Average Total Payments: The average total payments to all providers for the MS-DRG including the MSDRG amount, teaching, disproportionate share, capital, and outlier payments for all cases. Also included in average total payments are co-payment and deductible amounts that the patient is responsible for and any additional payments by third parties for coordination of benefits.
Average Medicare Payments: The average amount that Medicare pays to the provider for Medicare's share of the MS-DRG. Average Medicare payment amounts include the MS-DRG amount, teaching, disproportionate share, capital, and outlier payments for all cases. Medicare payments DO NOT include beneficiary co-payments and deductible amounts nor any additional payments from third parties for coordination of benefits. Note: In general, Medicare FFS claims with dates-of-service or dates-of-discharge on or after April 1, 2013, incurred a 2 percent reduction in Medicare payment.
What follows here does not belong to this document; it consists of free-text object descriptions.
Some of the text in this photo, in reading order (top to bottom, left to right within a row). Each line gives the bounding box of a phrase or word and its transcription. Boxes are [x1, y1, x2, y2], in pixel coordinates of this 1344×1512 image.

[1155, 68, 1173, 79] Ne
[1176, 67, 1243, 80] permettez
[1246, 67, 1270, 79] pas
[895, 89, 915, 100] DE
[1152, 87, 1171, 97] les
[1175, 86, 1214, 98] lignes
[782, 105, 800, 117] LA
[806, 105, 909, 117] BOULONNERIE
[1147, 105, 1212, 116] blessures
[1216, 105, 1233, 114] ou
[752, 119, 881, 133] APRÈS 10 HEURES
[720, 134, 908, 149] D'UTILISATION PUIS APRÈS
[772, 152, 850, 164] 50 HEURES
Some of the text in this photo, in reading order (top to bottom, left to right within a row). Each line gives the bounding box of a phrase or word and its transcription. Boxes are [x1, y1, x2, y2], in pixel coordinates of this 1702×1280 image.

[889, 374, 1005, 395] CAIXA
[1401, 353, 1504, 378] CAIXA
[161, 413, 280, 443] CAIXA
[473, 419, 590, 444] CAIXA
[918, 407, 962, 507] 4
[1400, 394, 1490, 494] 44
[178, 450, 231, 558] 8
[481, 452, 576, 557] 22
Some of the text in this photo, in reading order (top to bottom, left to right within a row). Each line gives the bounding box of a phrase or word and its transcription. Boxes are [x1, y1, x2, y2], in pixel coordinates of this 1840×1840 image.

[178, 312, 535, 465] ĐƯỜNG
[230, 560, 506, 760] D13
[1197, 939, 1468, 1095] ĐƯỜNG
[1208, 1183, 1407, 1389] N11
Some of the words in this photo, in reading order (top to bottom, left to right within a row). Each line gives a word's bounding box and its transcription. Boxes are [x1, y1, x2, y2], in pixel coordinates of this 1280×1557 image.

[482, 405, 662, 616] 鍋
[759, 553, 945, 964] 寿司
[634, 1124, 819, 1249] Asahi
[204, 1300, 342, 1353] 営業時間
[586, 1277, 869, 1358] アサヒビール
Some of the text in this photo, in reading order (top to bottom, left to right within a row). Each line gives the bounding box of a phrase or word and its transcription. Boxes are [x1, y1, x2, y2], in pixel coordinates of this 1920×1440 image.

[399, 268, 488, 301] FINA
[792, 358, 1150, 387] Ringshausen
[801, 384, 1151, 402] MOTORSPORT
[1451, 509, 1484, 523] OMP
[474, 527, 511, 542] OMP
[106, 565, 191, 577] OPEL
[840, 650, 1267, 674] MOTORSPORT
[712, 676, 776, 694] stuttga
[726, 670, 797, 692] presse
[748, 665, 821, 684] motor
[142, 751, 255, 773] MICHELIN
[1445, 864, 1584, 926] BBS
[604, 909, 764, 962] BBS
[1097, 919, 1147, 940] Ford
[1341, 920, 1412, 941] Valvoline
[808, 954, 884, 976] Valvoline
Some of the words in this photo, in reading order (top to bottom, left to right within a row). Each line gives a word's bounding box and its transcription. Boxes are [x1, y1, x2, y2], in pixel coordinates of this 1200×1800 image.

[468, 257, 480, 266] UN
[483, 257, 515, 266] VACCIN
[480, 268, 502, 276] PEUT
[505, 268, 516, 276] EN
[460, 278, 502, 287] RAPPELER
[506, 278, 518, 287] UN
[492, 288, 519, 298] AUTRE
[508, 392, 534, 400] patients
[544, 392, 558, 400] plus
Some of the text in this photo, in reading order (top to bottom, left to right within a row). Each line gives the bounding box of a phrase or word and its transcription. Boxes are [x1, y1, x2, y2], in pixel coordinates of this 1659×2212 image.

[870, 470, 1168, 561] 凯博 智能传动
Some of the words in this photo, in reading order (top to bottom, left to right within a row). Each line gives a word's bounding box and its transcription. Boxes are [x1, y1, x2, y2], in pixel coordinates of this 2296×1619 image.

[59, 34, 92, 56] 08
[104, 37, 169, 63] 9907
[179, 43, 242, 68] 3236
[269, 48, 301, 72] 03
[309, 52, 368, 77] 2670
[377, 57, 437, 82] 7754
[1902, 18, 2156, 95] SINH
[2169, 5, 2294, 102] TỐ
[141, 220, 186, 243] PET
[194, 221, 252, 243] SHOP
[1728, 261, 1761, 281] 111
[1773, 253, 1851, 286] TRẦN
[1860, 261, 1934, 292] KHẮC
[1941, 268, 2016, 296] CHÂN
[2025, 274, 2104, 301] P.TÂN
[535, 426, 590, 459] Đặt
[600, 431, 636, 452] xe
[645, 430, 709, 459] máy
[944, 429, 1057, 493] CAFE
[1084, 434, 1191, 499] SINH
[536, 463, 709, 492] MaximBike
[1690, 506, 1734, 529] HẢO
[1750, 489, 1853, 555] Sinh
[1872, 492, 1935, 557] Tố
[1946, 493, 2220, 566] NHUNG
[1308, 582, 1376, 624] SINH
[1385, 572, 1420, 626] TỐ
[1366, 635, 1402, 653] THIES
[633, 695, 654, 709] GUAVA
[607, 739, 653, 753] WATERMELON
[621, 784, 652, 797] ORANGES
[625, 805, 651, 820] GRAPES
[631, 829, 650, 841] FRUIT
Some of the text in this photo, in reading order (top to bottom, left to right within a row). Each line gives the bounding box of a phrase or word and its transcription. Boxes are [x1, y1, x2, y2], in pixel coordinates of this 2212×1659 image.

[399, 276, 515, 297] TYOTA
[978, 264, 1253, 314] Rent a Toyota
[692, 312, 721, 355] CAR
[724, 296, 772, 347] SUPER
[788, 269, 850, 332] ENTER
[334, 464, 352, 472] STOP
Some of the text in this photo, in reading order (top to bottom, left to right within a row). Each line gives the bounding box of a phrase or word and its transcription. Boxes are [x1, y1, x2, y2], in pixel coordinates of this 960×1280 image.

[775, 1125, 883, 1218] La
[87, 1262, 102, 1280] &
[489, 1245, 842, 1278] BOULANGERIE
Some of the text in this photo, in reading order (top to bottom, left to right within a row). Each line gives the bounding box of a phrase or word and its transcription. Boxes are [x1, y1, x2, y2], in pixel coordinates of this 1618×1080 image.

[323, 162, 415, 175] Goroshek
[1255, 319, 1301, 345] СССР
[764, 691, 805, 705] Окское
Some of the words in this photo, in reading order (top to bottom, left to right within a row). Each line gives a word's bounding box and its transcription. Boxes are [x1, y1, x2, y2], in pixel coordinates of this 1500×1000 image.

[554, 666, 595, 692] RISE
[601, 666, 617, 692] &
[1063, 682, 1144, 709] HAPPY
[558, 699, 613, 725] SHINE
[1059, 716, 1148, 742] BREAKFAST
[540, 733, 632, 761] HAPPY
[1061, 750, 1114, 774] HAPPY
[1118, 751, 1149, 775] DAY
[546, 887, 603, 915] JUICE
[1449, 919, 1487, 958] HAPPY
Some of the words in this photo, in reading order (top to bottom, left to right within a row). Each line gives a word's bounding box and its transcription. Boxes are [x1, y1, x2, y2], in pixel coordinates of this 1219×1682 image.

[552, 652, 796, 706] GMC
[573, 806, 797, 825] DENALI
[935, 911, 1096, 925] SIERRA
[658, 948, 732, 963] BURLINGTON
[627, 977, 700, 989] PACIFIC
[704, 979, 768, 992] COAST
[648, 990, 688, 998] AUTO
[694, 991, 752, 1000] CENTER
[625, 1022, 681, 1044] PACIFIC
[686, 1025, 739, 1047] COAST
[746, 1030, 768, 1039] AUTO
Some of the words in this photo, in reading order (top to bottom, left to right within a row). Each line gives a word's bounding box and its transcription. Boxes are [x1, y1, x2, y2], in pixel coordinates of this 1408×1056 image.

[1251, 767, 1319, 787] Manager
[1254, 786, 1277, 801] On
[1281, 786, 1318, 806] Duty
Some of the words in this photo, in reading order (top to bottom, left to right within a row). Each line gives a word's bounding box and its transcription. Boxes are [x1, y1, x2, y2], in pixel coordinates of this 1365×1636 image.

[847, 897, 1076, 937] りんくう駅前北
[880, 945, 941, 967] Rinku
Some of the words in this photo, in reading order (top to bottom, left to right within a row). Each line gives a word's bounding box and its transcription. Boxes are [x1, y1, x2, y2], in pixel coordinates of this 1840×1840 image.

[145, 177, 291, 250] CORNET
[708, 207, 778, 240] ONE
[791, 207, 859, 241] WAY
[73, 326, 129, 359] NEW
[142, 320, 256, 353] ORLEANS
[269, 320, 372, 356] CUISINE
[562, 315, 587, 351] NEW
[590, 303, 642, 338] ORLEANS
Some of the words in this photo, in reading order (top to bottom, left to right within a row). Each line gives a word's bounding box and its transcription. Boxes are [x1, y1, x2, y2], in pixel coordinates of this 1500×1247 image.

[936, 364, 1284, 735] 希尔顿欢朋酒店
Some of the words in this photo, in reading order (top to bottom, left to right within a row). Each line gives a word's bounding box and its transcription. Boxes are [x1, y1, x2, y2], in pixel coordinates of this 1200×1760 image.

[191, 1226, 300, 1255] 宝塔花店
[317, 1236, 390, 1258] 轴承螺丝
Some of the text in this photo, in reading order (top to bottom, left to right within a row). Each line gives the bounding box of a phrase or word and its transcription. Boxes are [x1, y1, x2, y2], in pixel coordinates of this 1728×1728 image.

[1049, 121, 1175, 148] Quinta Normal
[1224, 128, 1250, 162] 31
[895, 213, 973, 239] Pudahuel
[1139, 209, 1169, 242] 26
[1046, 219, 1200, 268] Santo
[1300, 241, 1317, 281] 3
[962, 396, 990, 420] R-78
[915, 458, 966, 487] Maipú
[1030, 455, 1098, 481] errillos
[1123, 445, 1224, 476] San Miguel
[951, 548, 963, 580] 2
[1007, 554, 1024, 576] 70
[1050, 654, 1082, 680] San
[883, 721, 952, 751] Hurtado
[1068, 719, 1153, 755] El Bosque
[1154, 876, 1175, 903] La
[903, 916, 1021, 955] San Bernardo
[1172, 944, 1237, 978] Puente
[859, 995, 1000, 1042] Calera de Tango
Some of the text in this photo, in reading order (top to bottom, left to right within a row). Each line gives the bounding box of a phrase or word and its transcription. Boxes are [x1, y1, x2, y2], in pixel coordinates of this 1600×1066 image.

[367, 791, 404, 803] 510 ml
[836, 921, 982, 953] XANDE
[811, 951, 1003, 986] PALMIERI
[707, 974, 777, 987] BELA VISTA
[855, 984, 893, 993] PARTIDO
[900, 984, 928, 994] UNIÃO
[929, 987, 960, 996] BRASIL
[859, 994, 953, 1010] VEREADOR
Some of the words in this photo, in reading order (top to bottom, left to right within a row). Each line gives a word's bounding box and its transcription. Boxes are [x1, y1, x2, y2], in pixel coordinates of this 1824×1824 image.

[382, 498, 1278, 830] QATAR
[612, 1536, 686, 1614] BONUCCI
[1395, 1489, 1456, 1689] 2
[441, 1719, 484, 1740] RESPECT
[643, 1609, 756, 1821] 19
This is in response to mandatory across-the-board reductions in Federal spending, also known as sequestration
Hospital Rank: We have calculated the rank for each procedure within a hospital. The left number is the national ranking, the right one is the state ranking. For discharges, ranking is from highest # of discharges to lower (hospital with highest number of discharges ranks first). For charges and payments, lowest means a higher ranking.